+++ Information

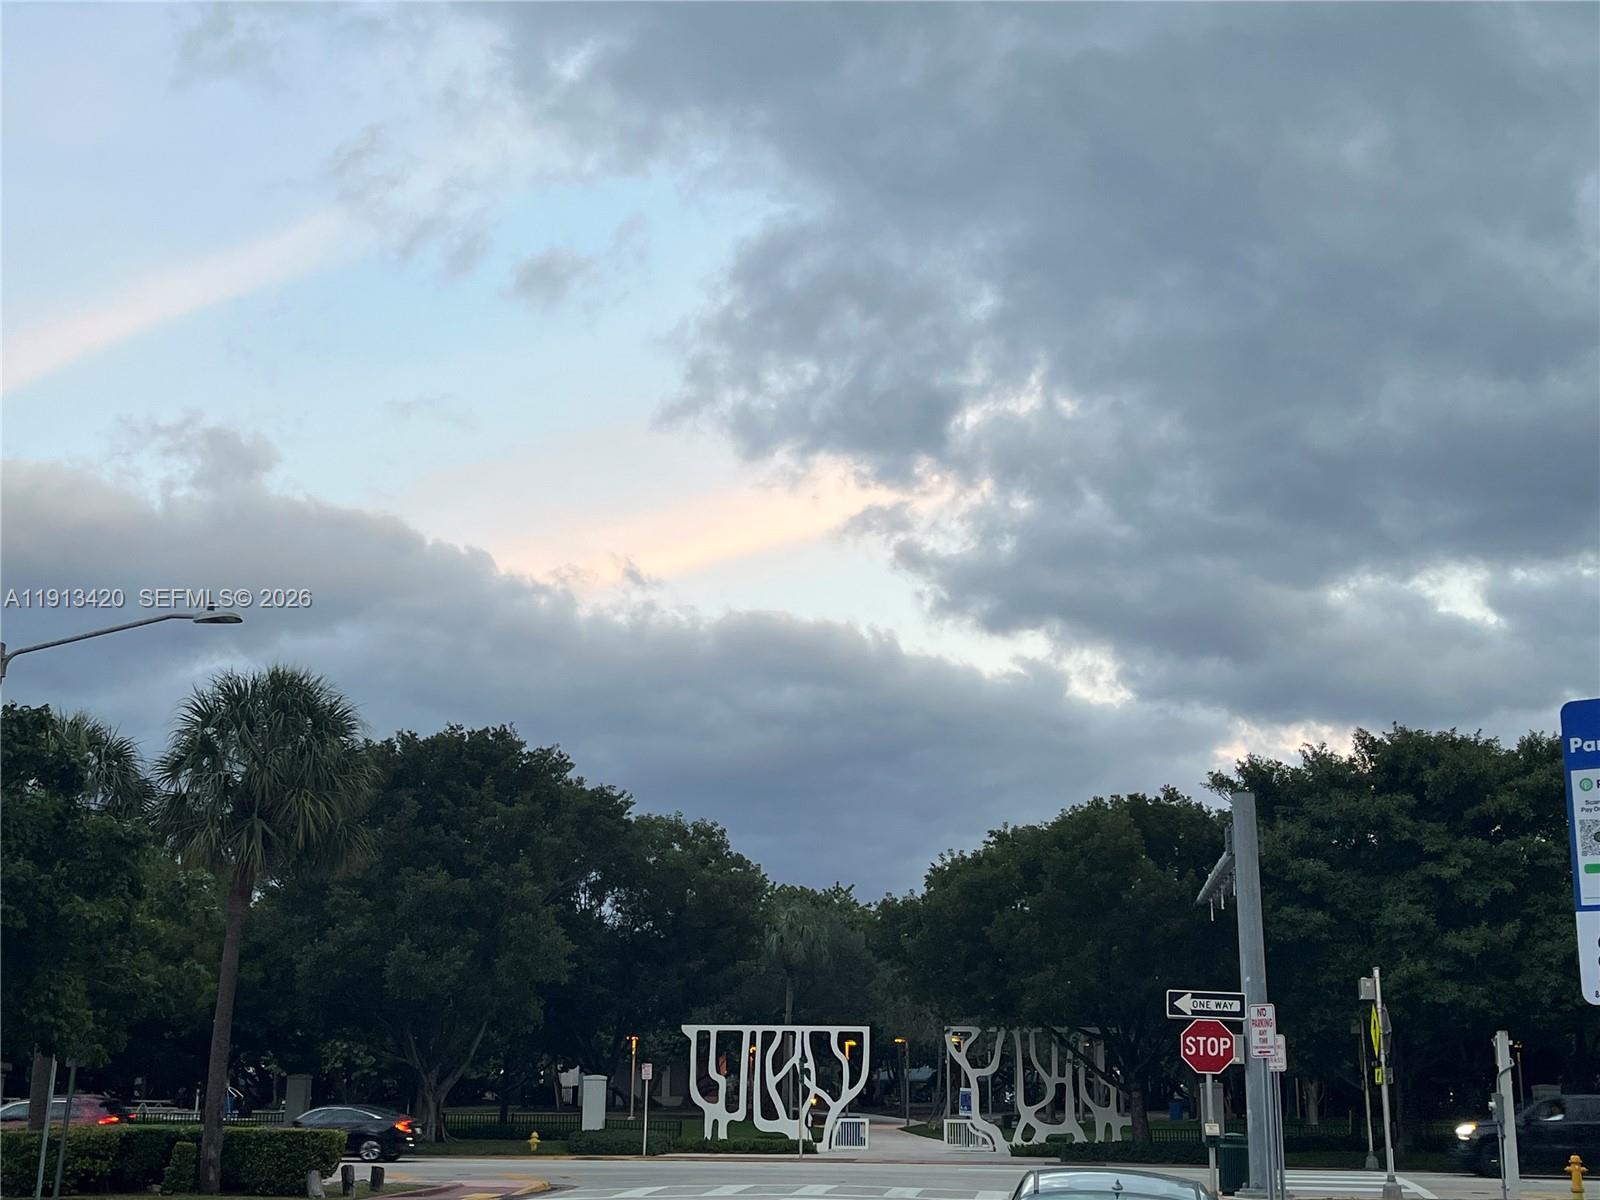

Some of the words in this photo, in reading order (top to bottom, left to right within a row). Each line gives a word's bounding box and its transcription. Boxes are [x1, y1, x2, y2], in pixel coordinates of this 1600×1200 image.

[1192, 1000, 1211, 1009] ONE
[1215, 1001, 1234, 1010] WAY
[1256, 1007, 1267, 1017] NO
[1251, 1018, 1273, 1028] PARKING
[1185, 1036, 1231, 1056] STOP

++++++

-- Work to be completed --
The answer must be an exact copy of the records, with no pictures in it.

-- Result for this exercise --
Some of the words in this photo, in reading order (top to bottom, left to right within a row). Each line gives a word's bounding box and its transcription. Boxes are [x1, y1, x2, y2], in pixel coordinates of this 1600×1200 image.

[1192, 1000, 1211, 1009] ONE
[1215, 1001, 1234, 1010] WAY
[1256, 1007, 1267, 1017] NO
[1251, 1018, 1273, 1028] PARKING
[1185, 1036, 1231, 1056] STOP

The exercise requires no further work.